Here are some feature highlights:

See EXAMPLES for some simple examples of how to use rbmake.


OPTIONS

The following options may be specified on the commandline. See the option-file section for a way to specify a slightly more powerful set of options.

-a AUTHOR
Specify the book's author. For example: rbmake -a 'Tolstoy, Leo' wp.html

-b
Translate paragraph tags into book-style paragraphs (with an indented first line and no preceding empty line). Repeating this option increases the ``depth'' (in the HTML) at which the book paragraphs are expected to occur. For instance, if the P tags are enclosed in a DIV (rather than directly inside the BODY), you'd need to specify an extra -b to indicate that the P tags are an extra level deep.

-c FILE/URL
Set the cover image.

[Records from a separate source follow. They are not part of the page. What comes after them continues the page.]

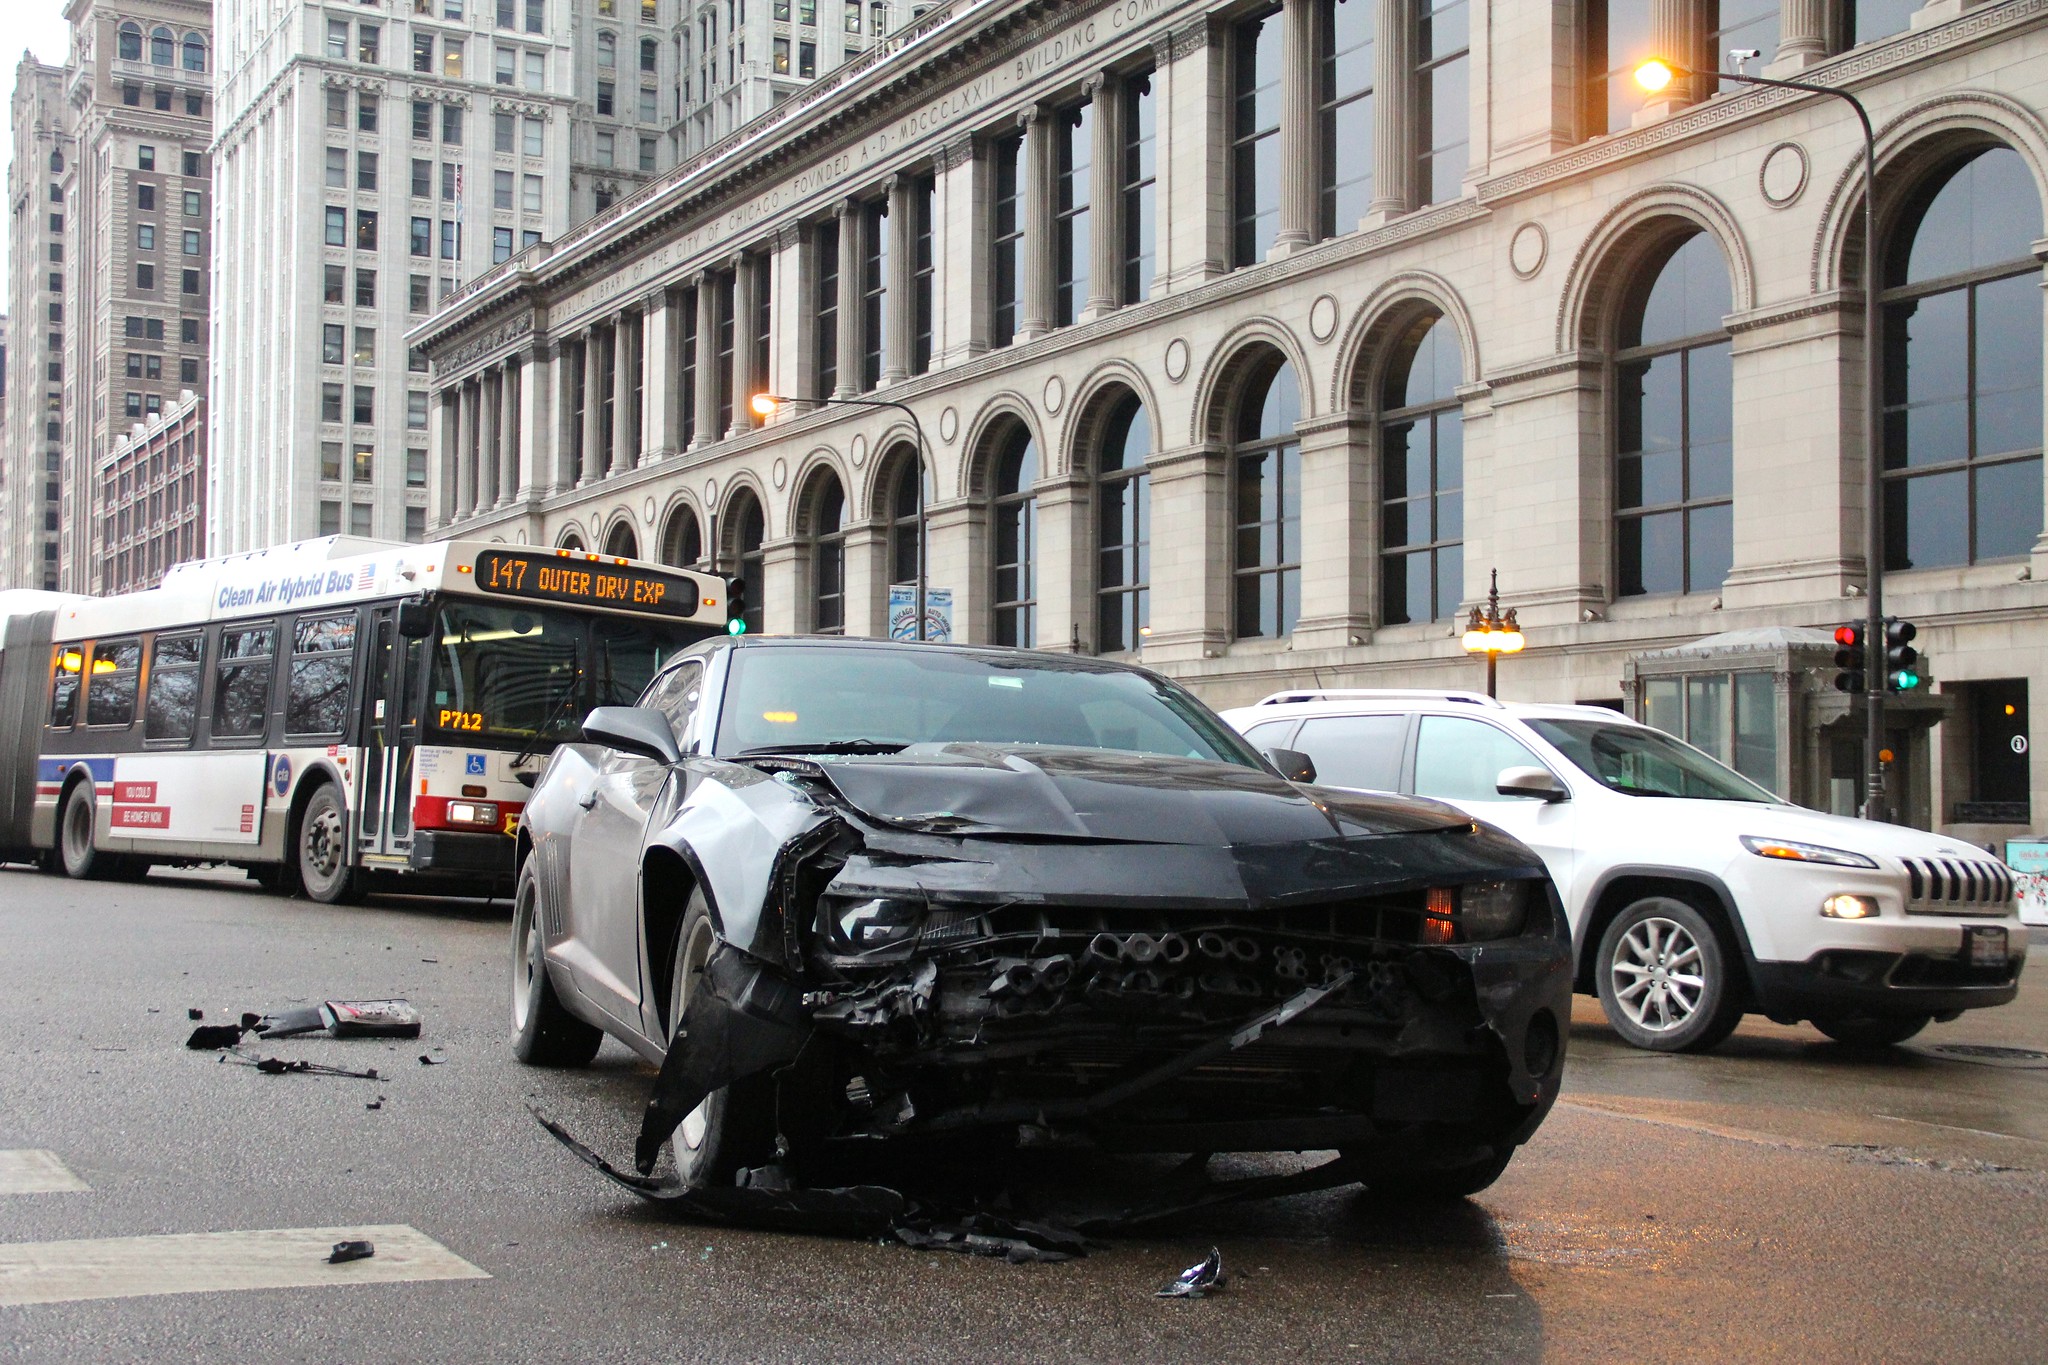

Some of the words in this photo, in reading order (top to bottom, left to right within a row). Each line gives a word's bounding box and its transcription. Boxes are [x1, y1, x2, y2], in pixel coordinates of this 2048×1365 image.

[591, 271, 627, 303] LIBRARY
[633, 263, 645, 281] OF
[652, 249, 669, 271] THE
[676, 233, 700, 258] CITY
[707, 222, 720, 241] OF
[728, 192, 779, 230] CHICAGO
[794, 155, 850, 198] FOVNDED
[1016, 23, 1096, 81] BVILDING
[218, 586, 254, 609] Clean
[255, 580, 277, 604] Air
[278, 572, 325, 605] Hybrid
[325, 570, 354, 594] Bus
[489, 557, 528, 590] 147
[538, 567, 591, 596] OUTER
[595, 575, 629, 600] DRV
[633, 580, 666, 605] EXP
[891, 607, 914, 625] CHICAGO
[927, 608, 941, 618] AUTO
[440, 709, 482, 731] P712
[277, 769, 289, 782] cta

The specified FILE/URL will be the first thing placed in the first page of HTML. This can be used even without specifying -i.

-D
Dump an option file to stdout and quit without doing any other work. You'll get the default options if you specify nothing other than -D.

-e
Enhance the punctuation using improved quotes, dashes, and ellipses. Double-quotes are translated into opening and closing double-quotes by alternating between them within a single paragraph (allowing for unclosed paragraph quotes). Backticks are translated into opening single-quotes. Apostrophes are translated into closing single-quotes. Two dashes in a row are translated into an em-dash. Three periods in a row (possibly separated by normal whitespace, but not by non-breaking spaces) are translated into an ellipse character.

-E #
Edge-enhance images: none or 1 - 9 (9 = lots, default is 7).

-f no|yes|any|DEPTH
Follow links in the HTML documents to find new ones to include. If the value is a number, we follow links up to DEPTH links away from a user-specified page. Otherwise specify 'y' (or a) for unlimited depth, or 'n' for no following.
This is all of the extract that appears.